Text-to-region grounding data
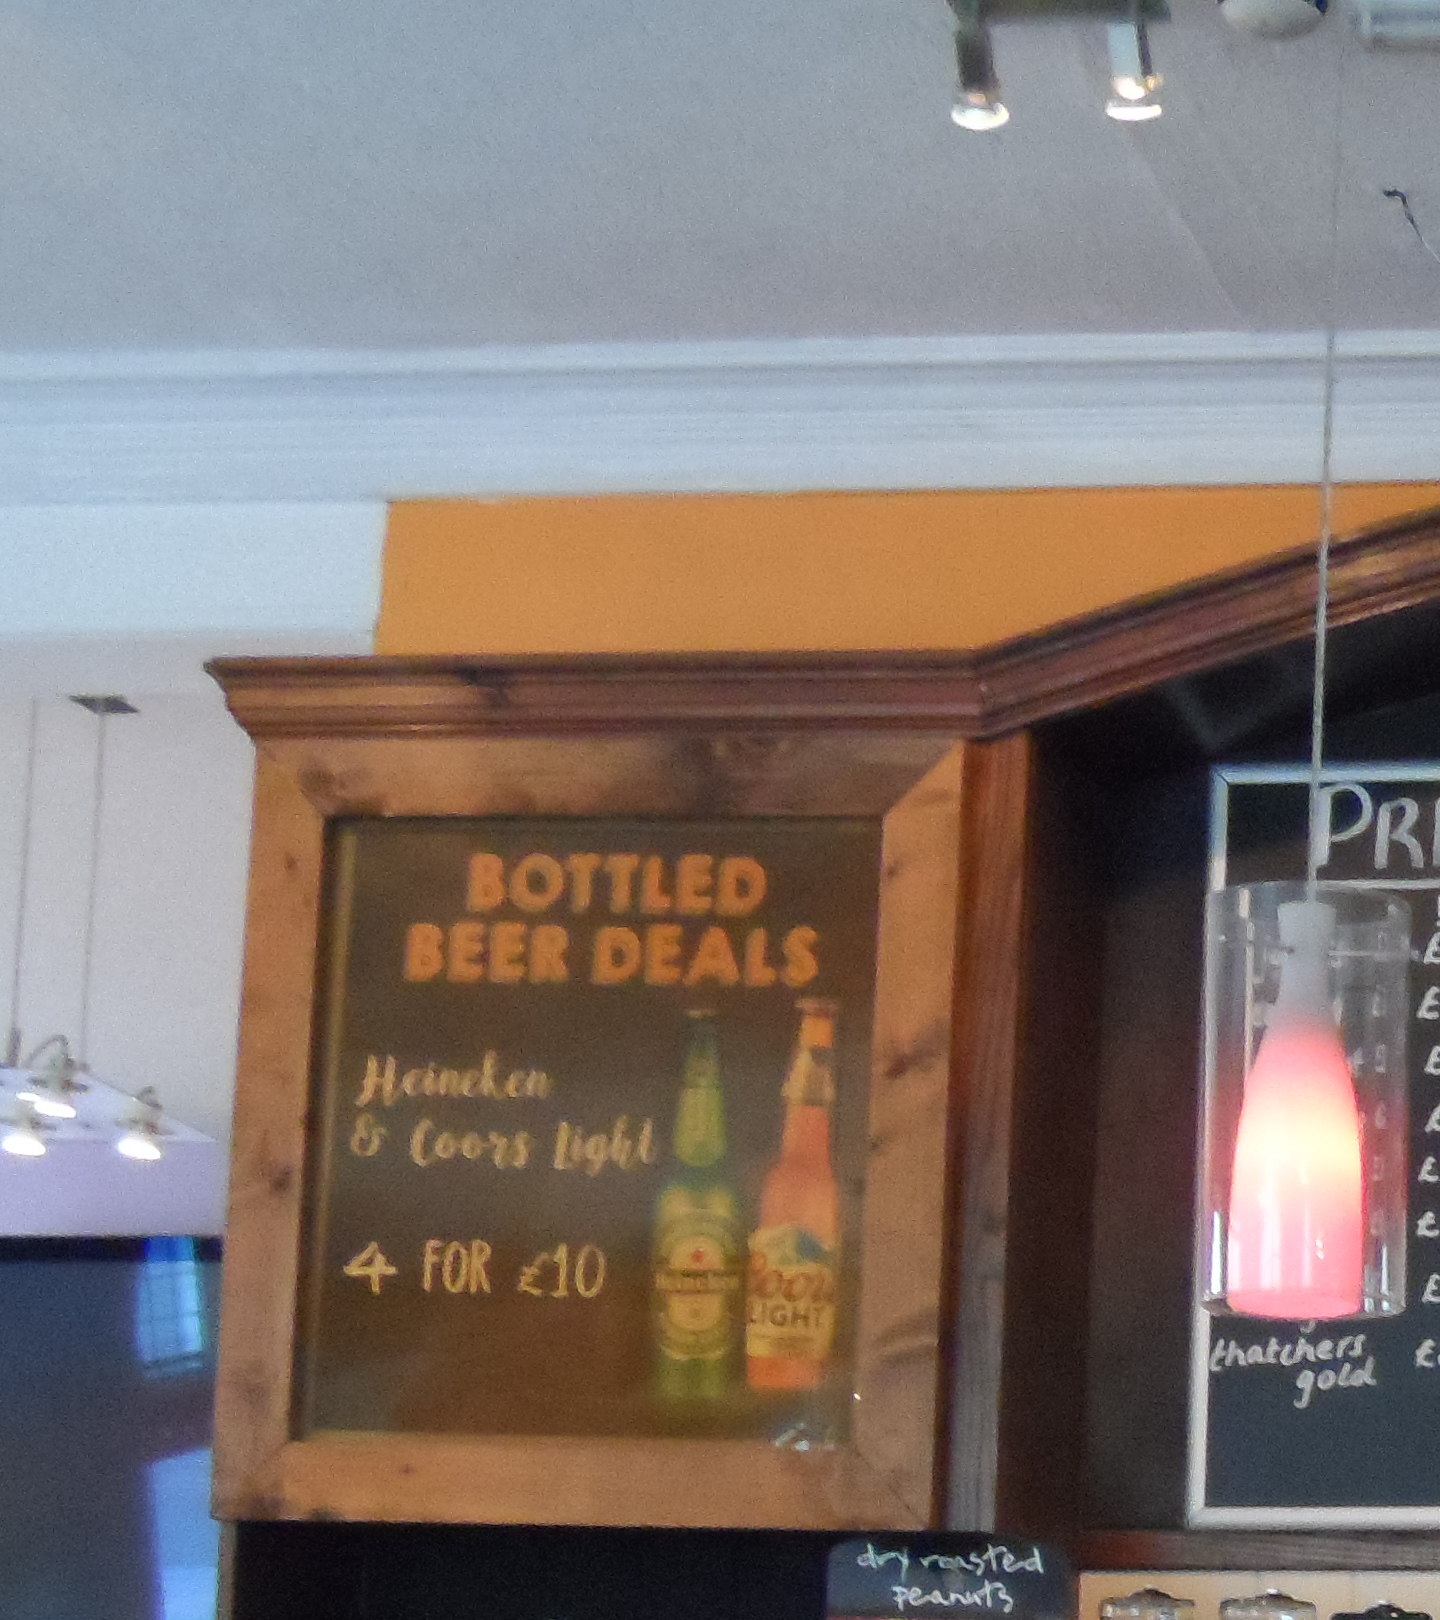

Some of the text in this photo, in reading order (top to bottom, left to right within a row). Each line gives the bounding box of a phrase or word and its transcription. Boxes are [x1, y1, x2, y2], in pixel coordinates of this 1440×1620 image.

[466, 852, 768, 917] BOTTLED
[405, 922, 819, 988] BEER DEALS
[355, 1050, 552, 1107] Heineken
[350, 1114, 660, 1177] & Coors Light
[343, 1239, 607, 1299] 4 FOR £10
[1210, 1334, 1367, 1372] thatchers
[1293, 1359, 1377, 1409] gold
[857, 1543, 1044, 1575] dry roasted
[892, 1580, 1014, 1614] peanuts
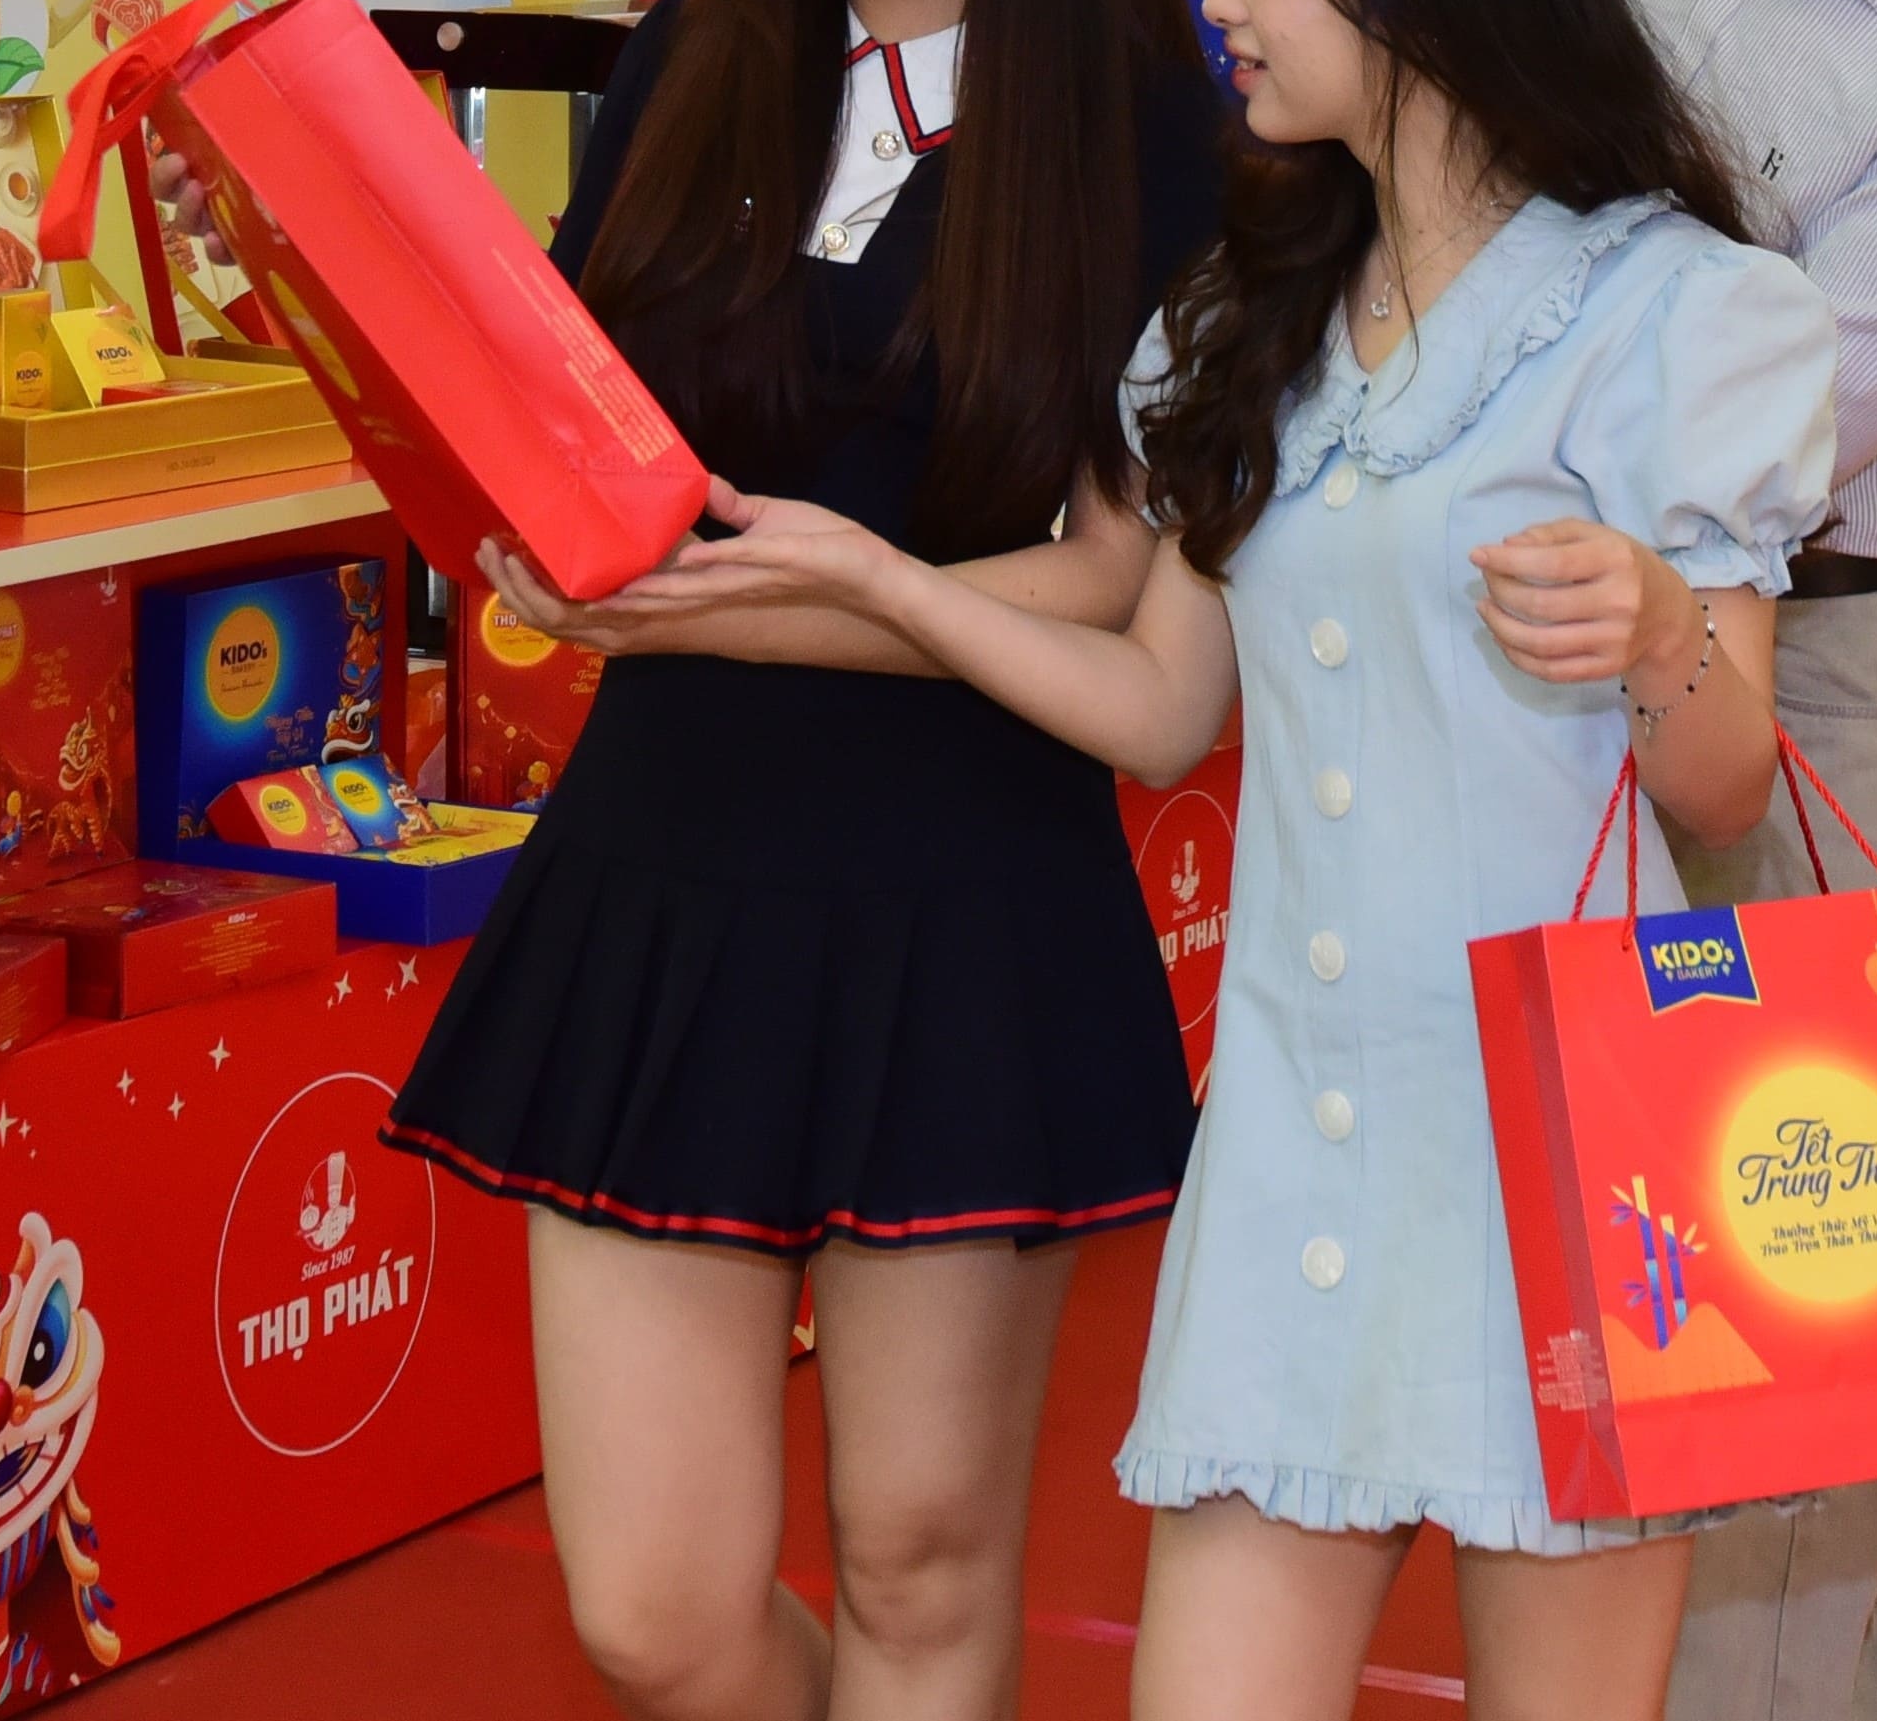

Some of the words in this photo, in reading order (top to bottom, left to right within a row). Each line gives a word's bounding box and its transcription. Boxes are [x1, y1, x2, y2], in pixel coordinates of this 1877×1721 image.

- [Task statement]:
What is needed is an exact copy of the data, with the pictures removed.

- [Reply]:
Some of the text in this photo, in reading order (top to bottom, left to right within a row). Each line gives the bounding box of a phrase or word and its transcription. Boxes are [x1, y1, x2, y2], in pixel coordinates of this 1440×1620 image.

[466, 852, 768, 917] BOTTLED
[405, 922, 819, 988] BEER DEALS
[355, 1050, 552, 1107] Heineken
[350, 1114, 660, 1177] & Coors Light
[343, 1239, 607, 1299] 4 FOR £10
[1210, 1334, 1367, 1372] thatchers
[1293, 1359, 1377, 1409] gold
[857, 1543, 1044, 1575] dry roasted
[892, 1580, 1014, 1614] peanuts

Some of the words in this photo, in reading order (top to bottom, left to right within a row). Each line gives a word's bounding box and its transcription. Boxes are [x1, y1, x2, y2], in pixel coordinates of this 1877×1721 image.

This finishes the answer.